* [Exercise aim]:
Return an exact copy of the entries, skipping any picture you find.

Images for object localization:
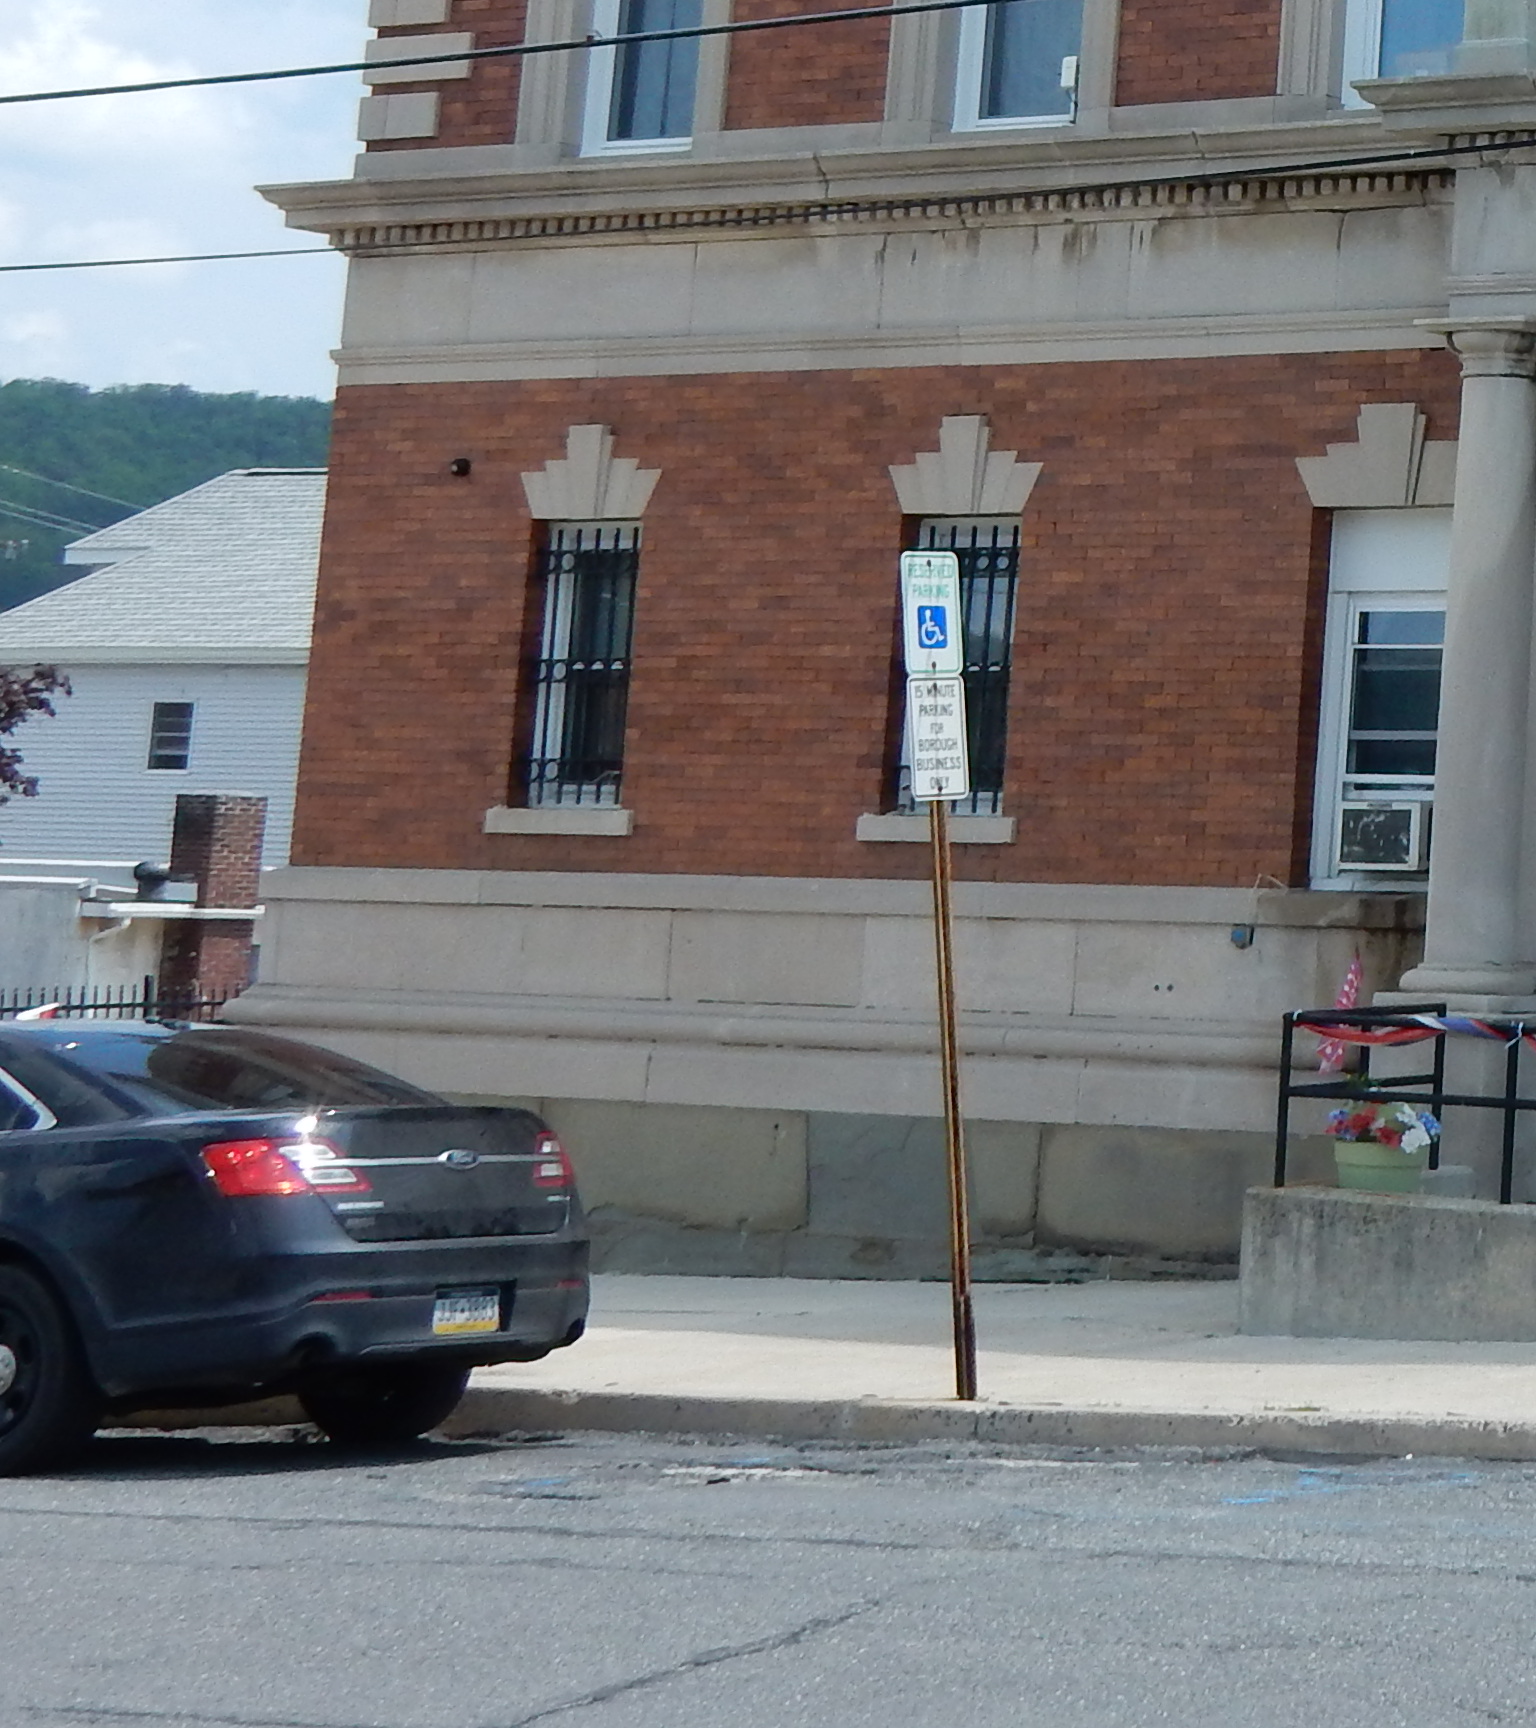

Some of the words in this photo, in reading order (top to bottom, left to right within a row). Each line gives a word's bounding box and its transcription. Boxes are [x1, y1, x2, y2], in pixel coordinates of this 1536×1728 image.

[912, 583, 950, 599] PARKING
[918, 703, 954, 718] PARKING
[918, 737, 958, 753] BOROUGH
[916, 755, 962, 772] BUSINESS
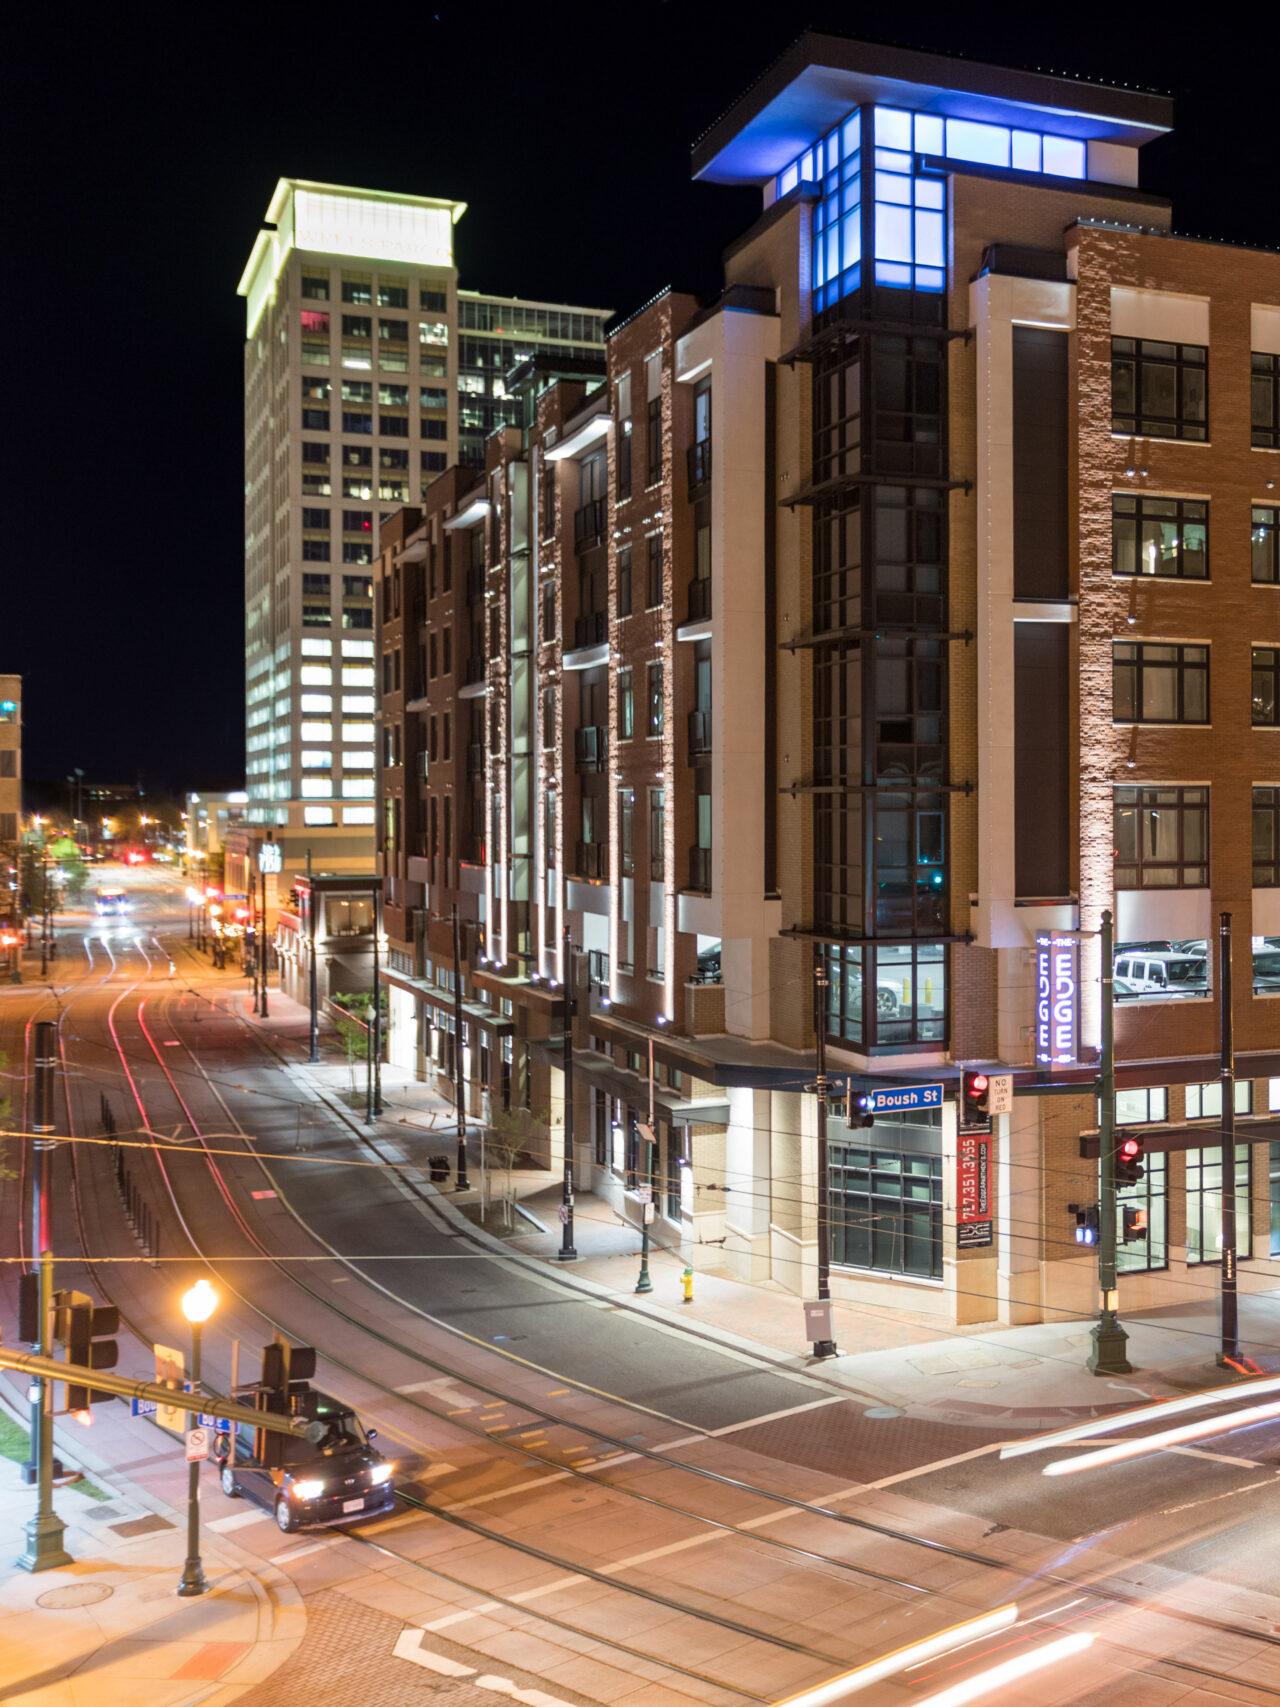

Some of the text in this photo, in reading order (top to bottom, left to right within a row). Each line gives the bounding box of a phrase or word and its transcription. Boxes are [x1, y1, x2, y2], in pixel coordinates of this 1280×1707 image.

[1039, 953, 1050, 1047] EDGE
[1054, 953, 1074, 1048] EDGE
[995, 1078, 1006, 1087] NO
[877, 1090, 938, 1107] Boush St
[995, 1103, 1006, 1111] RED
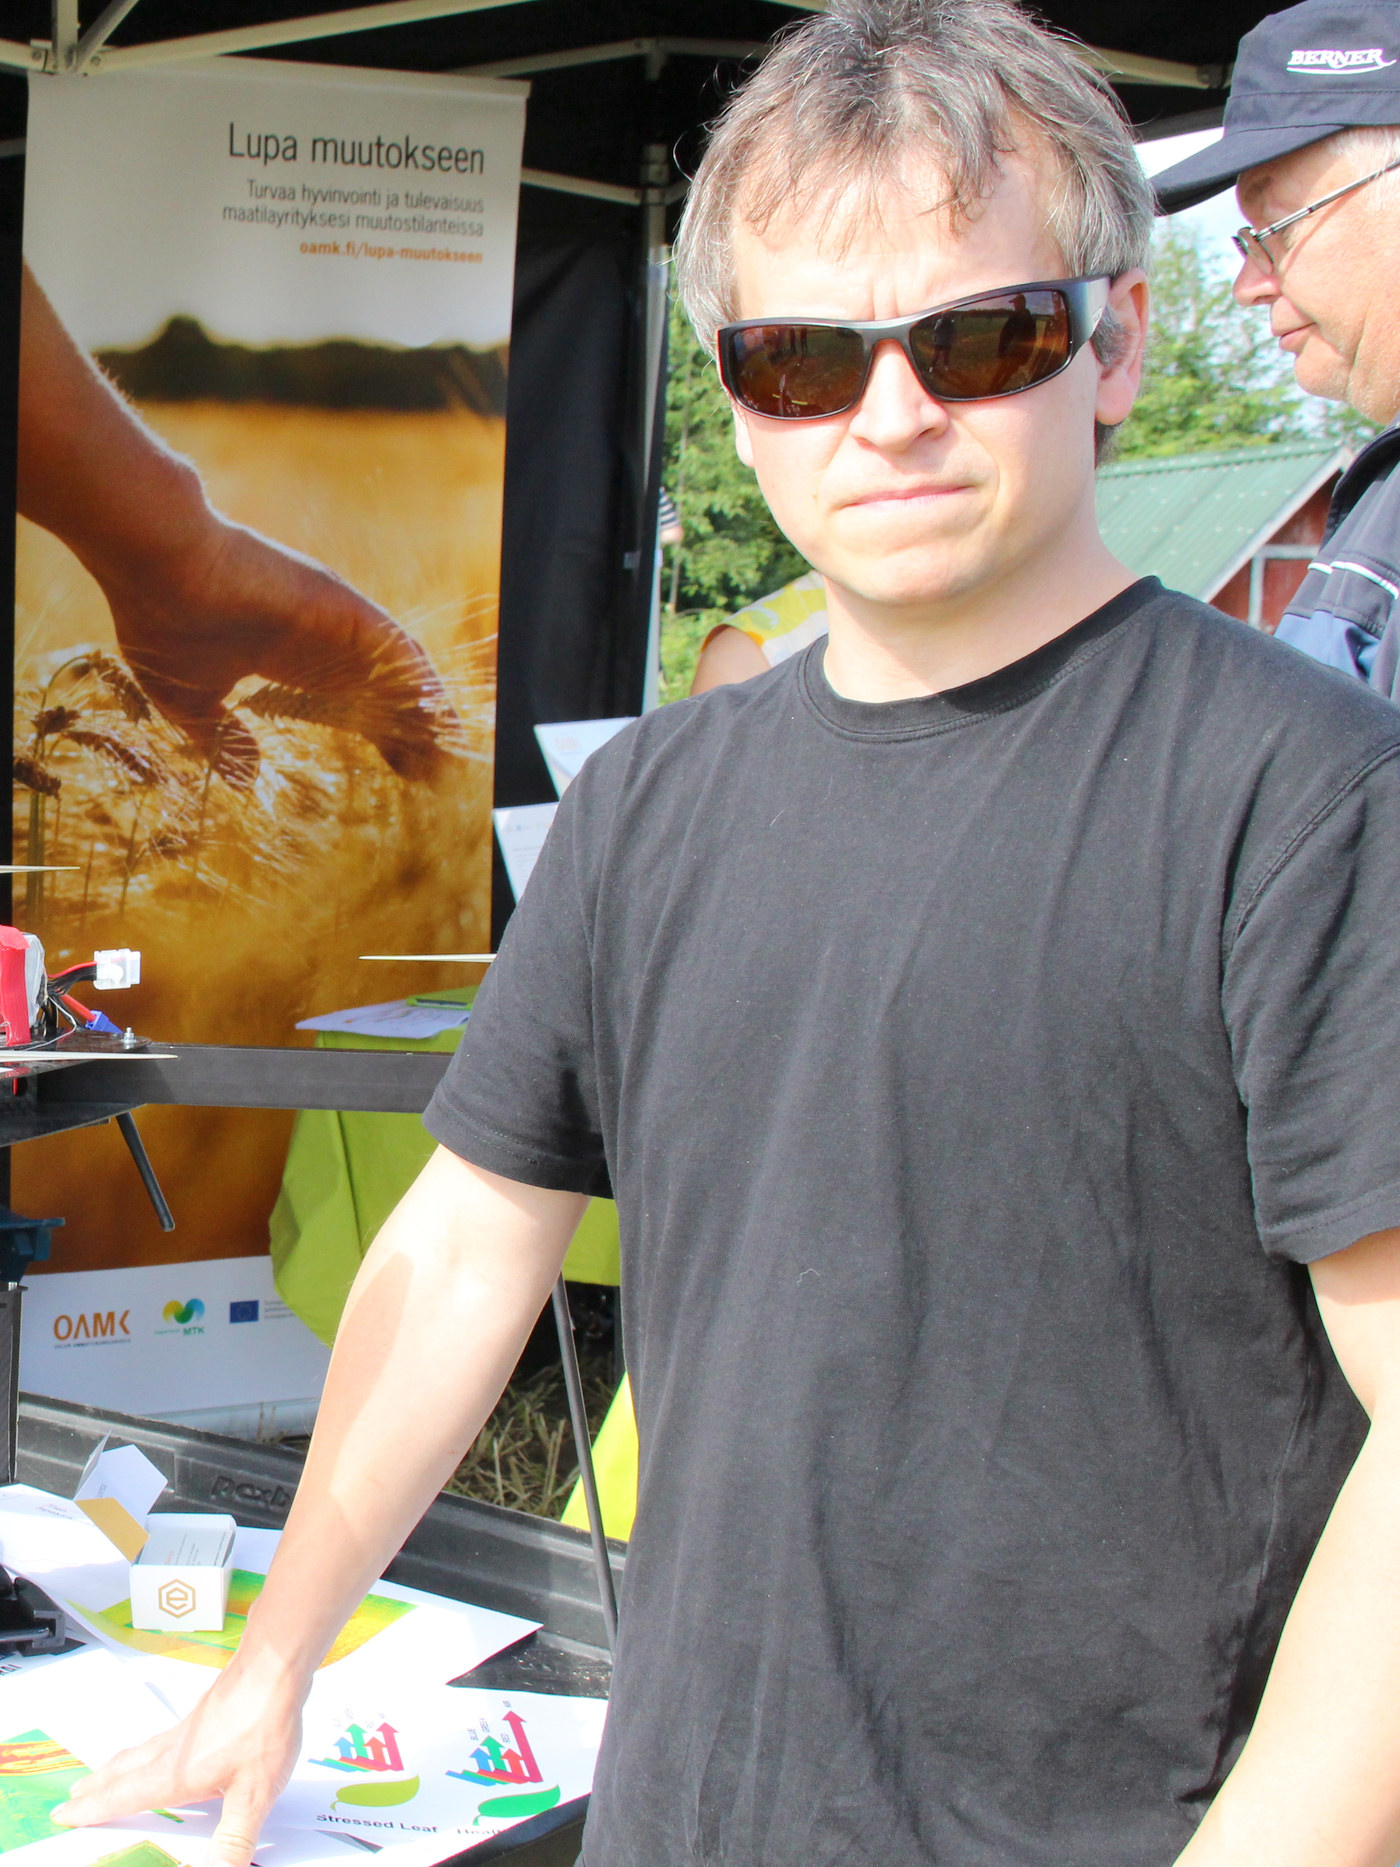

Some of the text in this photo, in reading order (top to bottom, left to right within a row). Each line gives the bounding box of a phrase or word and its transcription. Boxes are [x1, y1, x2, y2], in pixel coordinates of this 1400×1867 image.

* [Task result]:
Some of the words in this photo, in reading order (top to bottom, left to right within a row). Each line gives a word's bounding box and its transcription. Boxes are [x1, y1, x2, y2], in pixel coordinates of this 1536×1728 image.

[912, 583, 950, 599] PARKING
[918, 703, 954, 718] PARKING
[918, 737, 958, 753] BOROUGH
[916, 755, 962, 772] BUSINESS

Some of the text in this photo, in reading order (top to bottom, left to right within a row). Each line gives the bounding box of a phrase or word and its transcription. Boxes are [x1, y1, x2, y2], in pixel coordinates of this 1280×1707 image.

[1039, 953, 1050, 1047] EDGE
[1054, 953, 1074, 1048] EDGE
[995, 1078, 1006, 1087] NO
[877, 1090, 938, 1107] Boush St
[995, 1103, 1006, 1111] RED

Some of the text in this photo, in reading order (top to bottom, left to right within a row). Each line gives the bounding box of a phrase or word and its transcription. Boxes are [x1, y1, x2, y2], in pixel coordinates of this 1400×1867 image.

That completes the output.